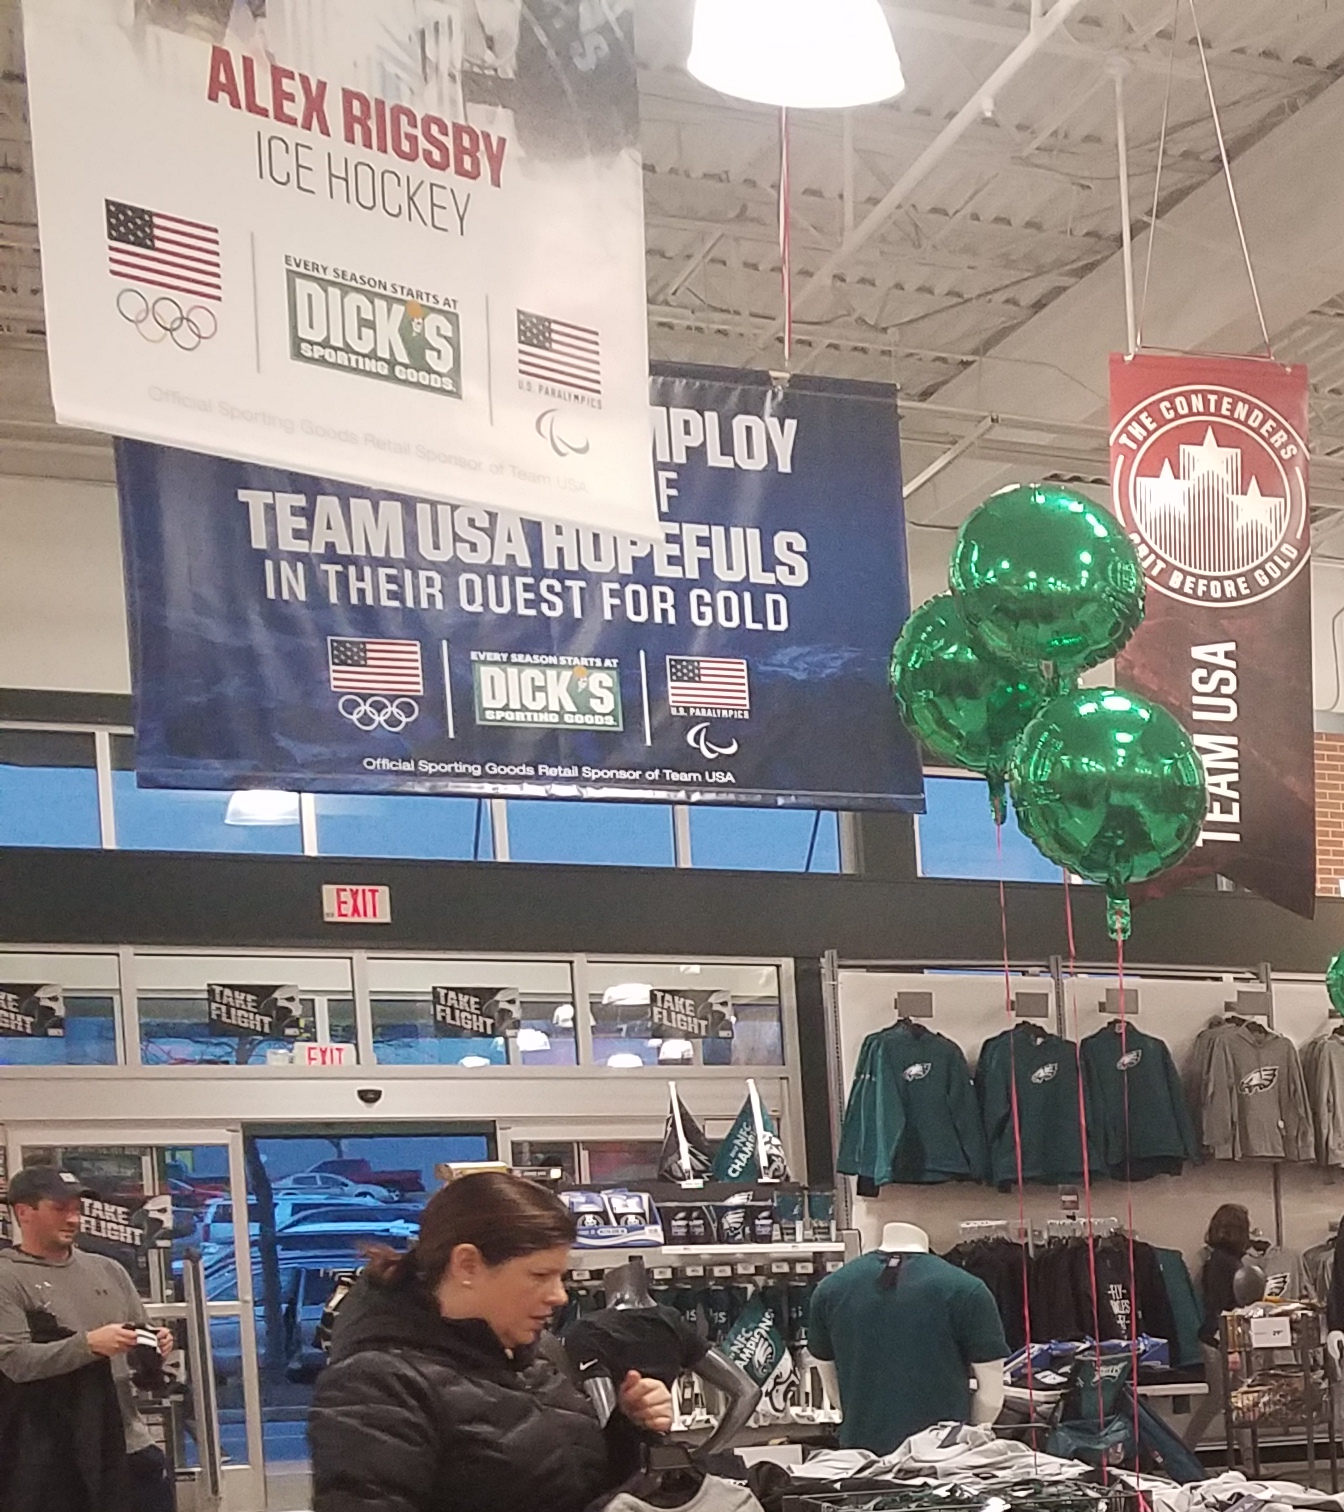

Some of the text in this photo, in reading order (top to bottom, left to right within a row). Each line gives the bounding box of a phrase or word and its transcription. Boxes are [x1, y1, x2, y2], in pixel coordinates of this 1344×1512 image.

[208, 45, 506, 188] ALEX RIGSBY
[257, 131, 470, 236] ICE HOCKEY
[285, 255, 459, 311] EVERY SEASON STARTS AT
[295, 277, 453, 374] DICK'S
[300, 342, 389, 375] SPORTING
[537, 384, 603, 410] PARALYMPICS
[218, 400, 294, 434] Sporting
[300, 417, 358, 445] Goods
[364, 432, 410, 456] Retail
[415, 443, 483, 474] Sponsor
[1118, 393, 1298, 460] THE CONTENDERS
[238, 489, 808, 588] TEAM USA HOPEFULS
[1168, 569, 1251, 599] BEFORE
[1253, 542, 1298, 587] GOLD
[264, 559, 788, 632] IN THEIR QUEST FOR GOLD
[471, 650, 618, 668] EVERY SEASON STARTS AT
[481, 665, 615, 713] DICK'S
[484, 710, 559, 724] SPORTING
[689, 708, 749, 719] PARALYMPICS
[1190, 641, 1241, 847] TEAM USA
[363, 758, 736, 784] Official Sporting Goods Retail Sponsor of Team USA
[336, 888, 379, 918] EXIT
[211, 985, 258, 1013] TAKE
[436, 987, 481, 1014] TAKE
[655, 989, 696, 1017] TAKE
[210, 1003, 273, 1035] FLIGHT
[435, 1003, 496, 1035] FLIGHT
[653, 1005, 709, 1037] FLIGHT
[306, 1046, 345, 1066] EXIT
[733, 1121, 752, 1148] NFC
[80, 1197, 131, 1225] TAKE
[79, 1215, 145, 1246] FLIGHT
[731, 1326, 755, 1353] NFC
[736, 1308, 776, 1371] AMPIONS
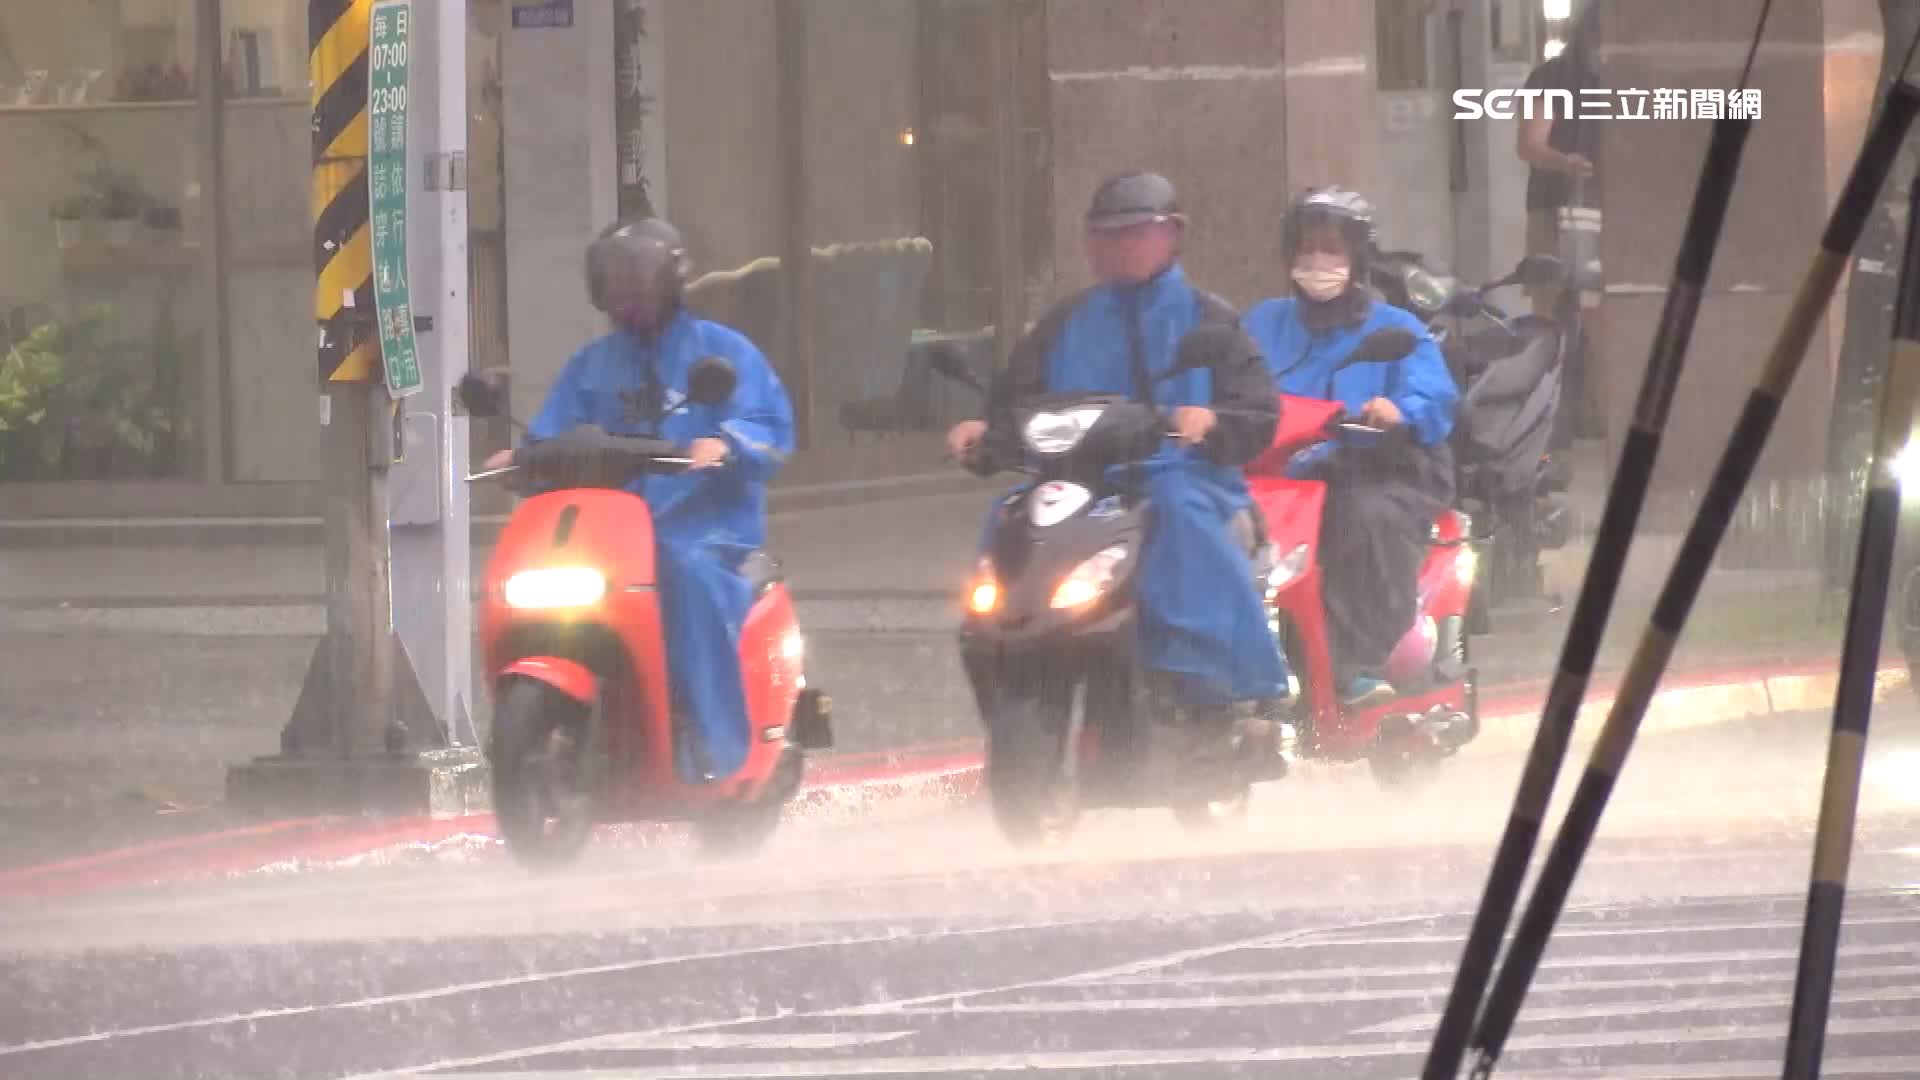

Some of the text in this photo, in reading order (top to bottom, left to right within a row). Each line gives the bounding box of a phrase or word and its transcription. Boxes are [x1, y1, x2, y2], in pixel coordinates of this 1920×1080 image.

[374, 11, 408, 38] 每日
[373, 42, 407, 71] 07:00
[372, 85, 407, 115] 23:00

====

• Work instructions: Only one thing belongs in the reply: the exact lines of the listing above, from the one with "this 1920×1080 image." through its last line.

• Answer to this task:
Some of the text in this photo, in reading order (top to bottom, left to right within a row). Each line gives the bounding box of a phrase or word and its transcription. Boxes are [x1, y1, x2, y2], in pixel coordinates of this 1920×1080 image.

[374, 11, 408, 38] 每日
[373, 42, 407, 71] 07:00
[372, 85, 407, 115] 23:00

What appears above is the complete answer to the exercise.